Uploaded image for project: 'MariaDB ColumnStore'
  1. MariaDB ColumnStore
  2. MCOL-1396

VARCHAR returning NULL when StringStore memory limit exceeded

Details

    • Bug
    • Status: Closed (View Workflow)
    • Critical
    • Resolution: Fixed
    • 1.1.4
    • 1.1.5
    • ExeMgr
    • None
    • 2018-10, 2018-11

    Description

      Report of a table with 100M rows containing a VARCHAR(48) and VARCHAR(32) will start returning NULL and truncated versions of:

      _CpNuLl_
      

      Attachments

        1. create.sql
          0.1 kB
        2. generate.php
          0.5 kB

        Activity

          Did more testing with new build and newly generated data and could not reproduce the issue.

          dleeyh Daniel Lee (Inactive) added a comment - Did more testing with new build and newly generated data and could not reproduce the issue.

          tried many ways to reproduce this, re-assigned to Daniel to see if he can again on a new build.

          LinuxJedi Andrew Hutchings (Inactive) added a comment - tried many ways to reproduce this, re-assigned to Daniel to see if he can again on a new build.

          struggling to reproduce this. I'm wondering if it is a RAM issue.
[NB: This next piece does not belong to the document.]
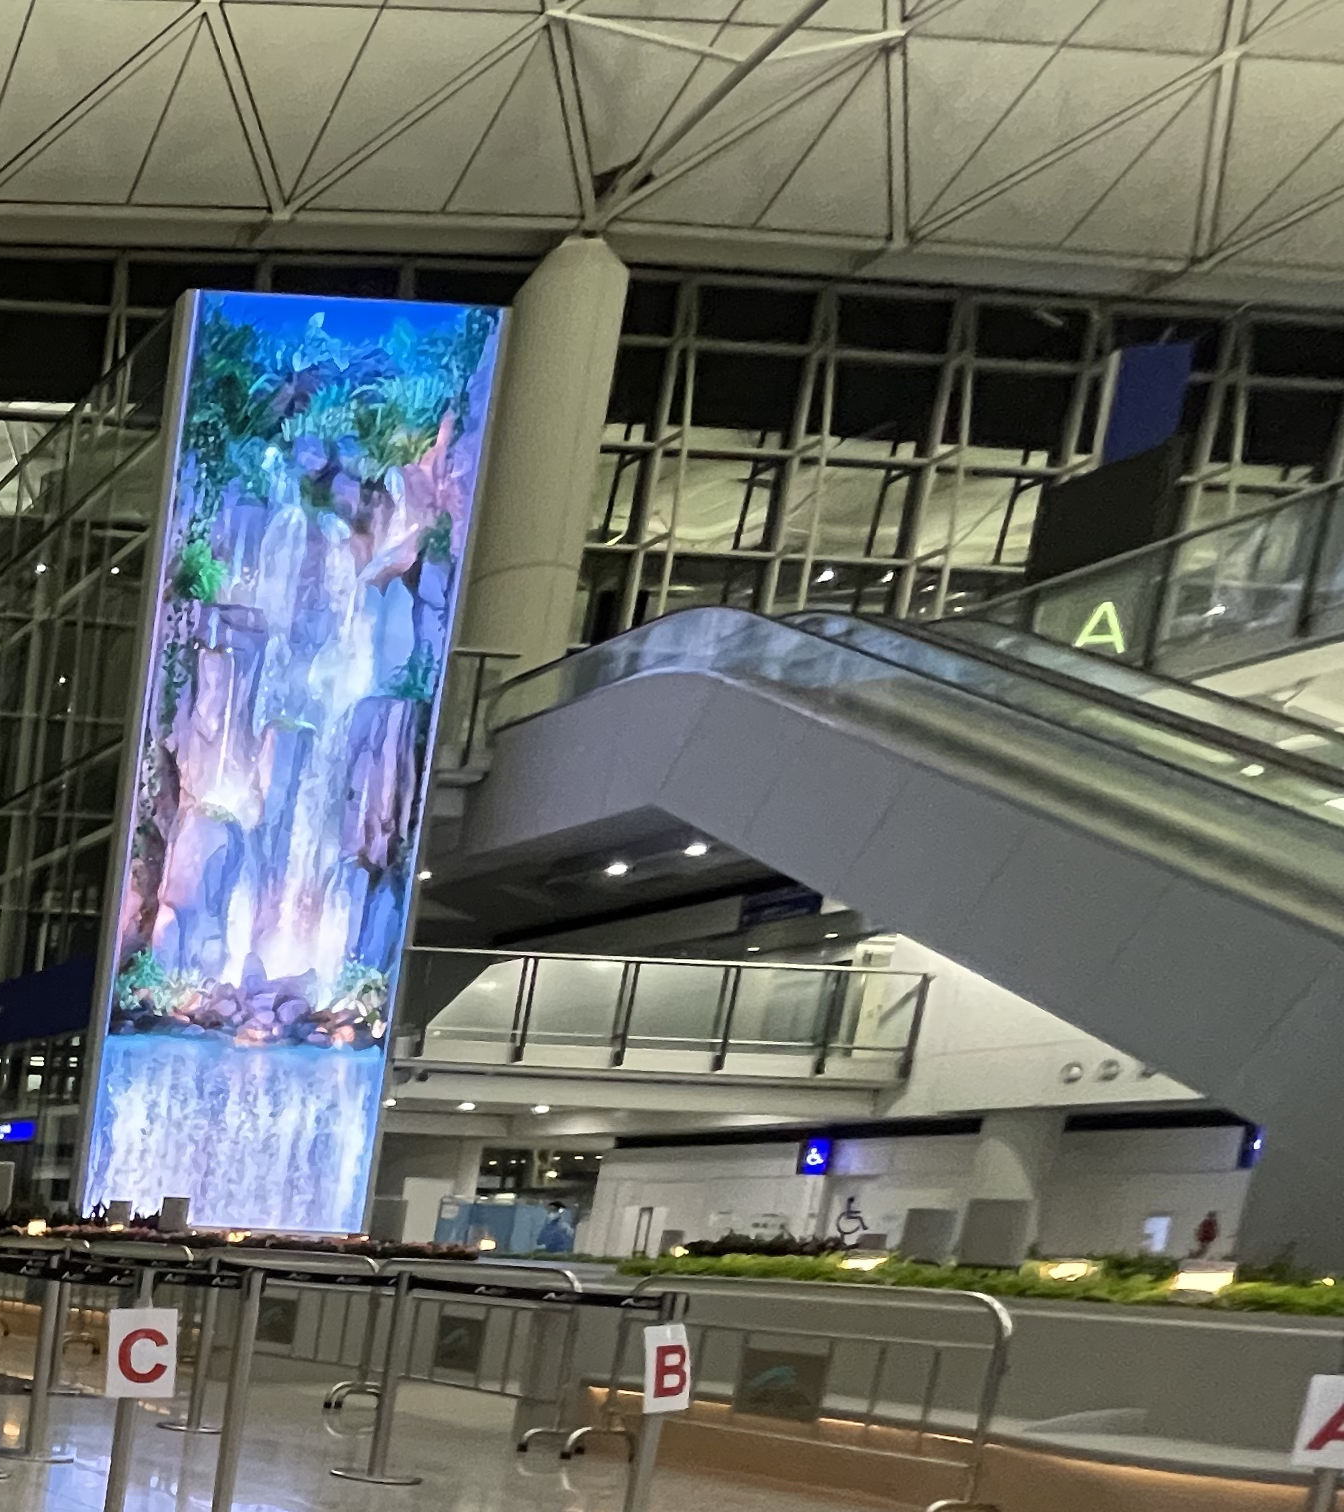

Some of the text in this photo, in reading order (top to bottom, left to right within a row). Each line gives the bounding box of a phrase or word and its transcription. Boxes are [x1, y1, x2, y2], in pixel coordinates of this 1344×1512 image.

[1075, 601, 1125, 654] A
[118, 1328, 168, 1384] C
[654, 1345, 688, 1398] B
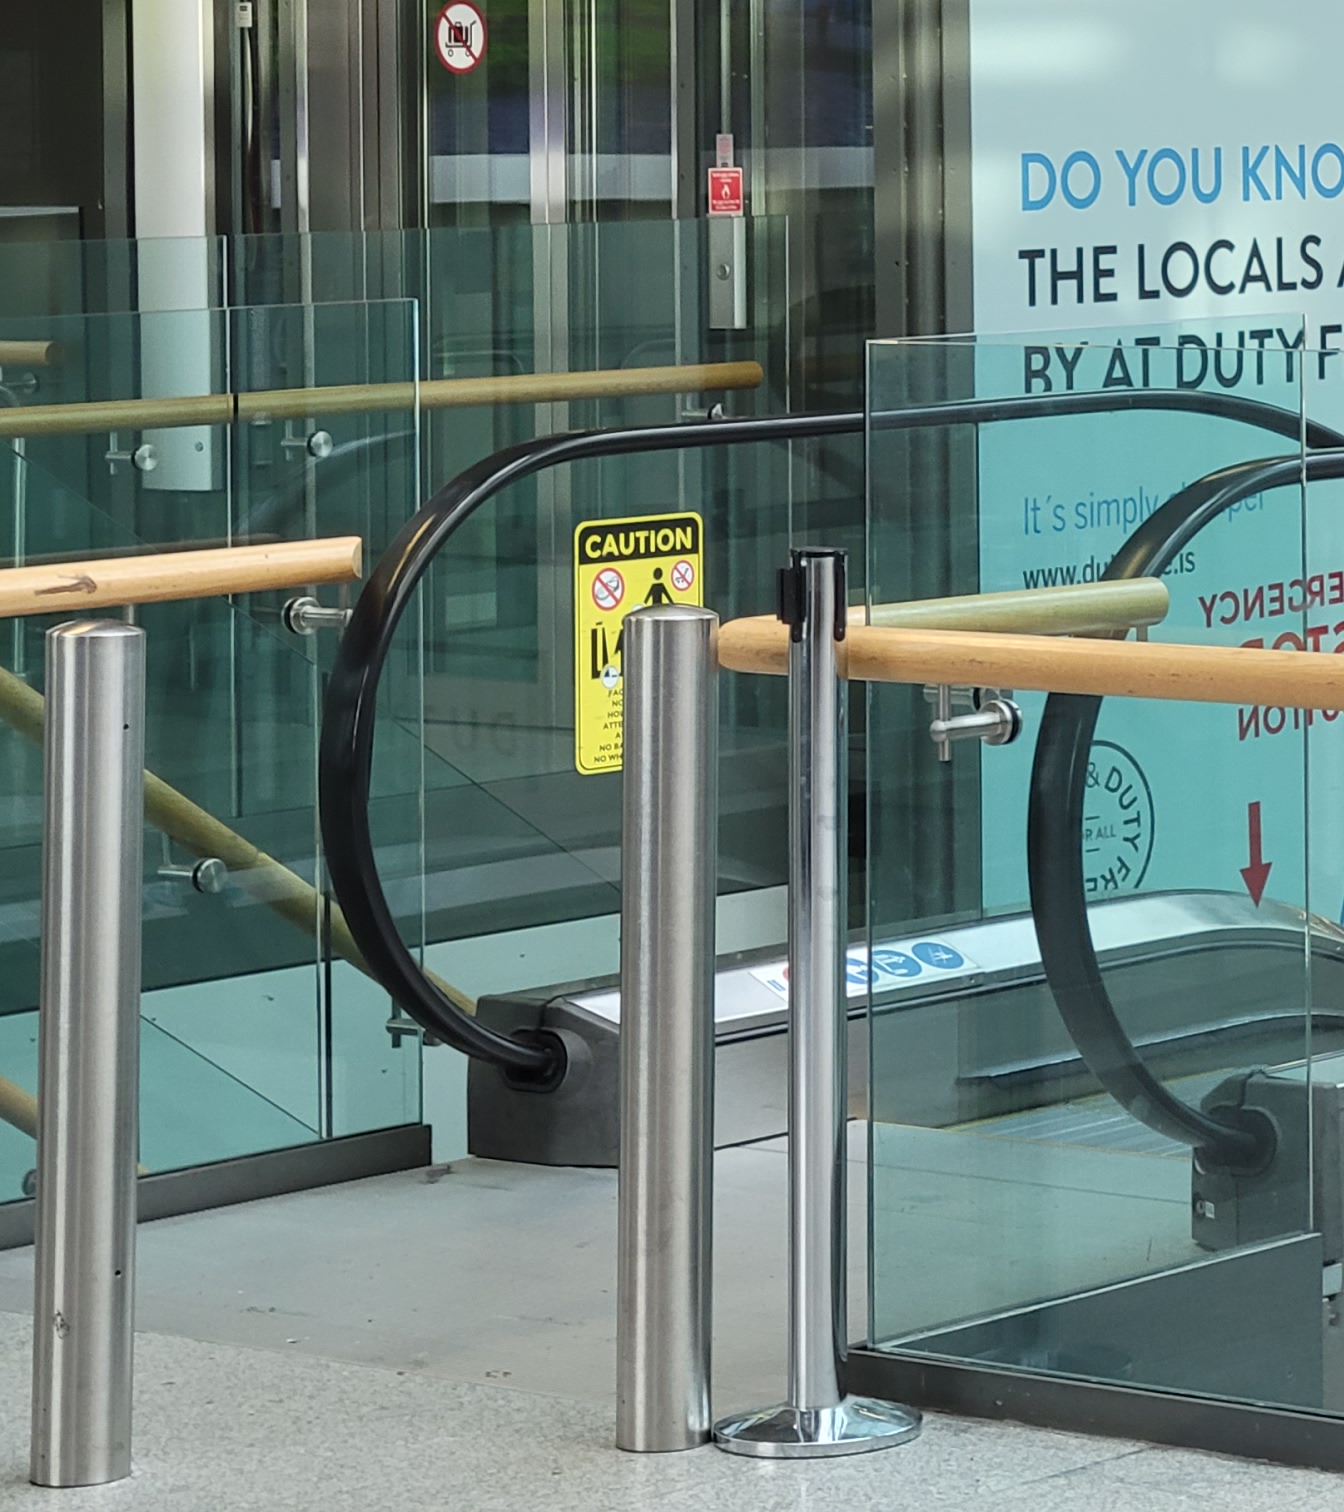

I don't have anything that small but I'll create one and try.

          LinuxJedi Andrew Hutchings (Inactive) added a comment - struggling to reproduce this. I'm wondering if it is a RAM issue. I don't have anything that small but I'll create one and try.
          dleeyh Daniel Lee (Inactive) added a comment - - edited

          Build tested: 1.1.5-1 source

          /root/columnstore/mariadb-columnstore-server
          commit 0c983bff02172849a174dde46b62d76aa66485f8
          Merge: 6b8a674 d5e6d89
          Author: benthompson15 <ben.thompson@mariadb.com>
          Date: Thu Apr 26 16:16:51 2018 -0500

          Merge pull request #112 from mariadb-corporation/davidhilldallas-patch-3

          update to 1.1.5

          /root/columnstore/mariadb-columnstore-server/mariadb-columnstore-engine
          commit 1ea5198e0e9ecc2a8d13e6b44bf6c632f8561199
          Merge: 4533116 59858aa
          Author: Andrew Hutchings <andrew@linuxjedi.co.uk>
          Date: Fri May 18 12:37:47 2018 +0100

          Merge pull request #475 from drrtuy/MCOL-1415

          MCOL-1415

          /root/mariadb-columnstore-tools
          commit e83f2713be574c0b98b37faf4fa61c8ce4997e90
          Author: david hill <david.hill@mariadb.com>
          Date: Wed Apr 25 14:07:58 2018 -0500

          update to 1.1.5

          I reproduced the issue in 1.1.4-1. The query ran for a while and ColumnStore eventually restarted due to swap space usage, an expected behavior (My VM used for testing has limited amount of memory). When I checked the output.data file, there were 24117249 lines, with 10698751 lines of "NULL NULL" toward the end of the file.

          In 1.1.5-1, the same test produced 18692097 lines without "NULL NULL"s. That means the query did not return NULLs when memory was running out.

          Therefore, the reported issue seemed to have been fixed, an additional test uncovered an compression issue in 1.1.5-1. The same issue did not occurred in 1.1.4-1.

          After creating the table and loading the data file (Both 1.1.5-1 and 1.1.4-1 tests used the same data file, copied across the network), I executed the following query to make sure there is no NULLs in the table.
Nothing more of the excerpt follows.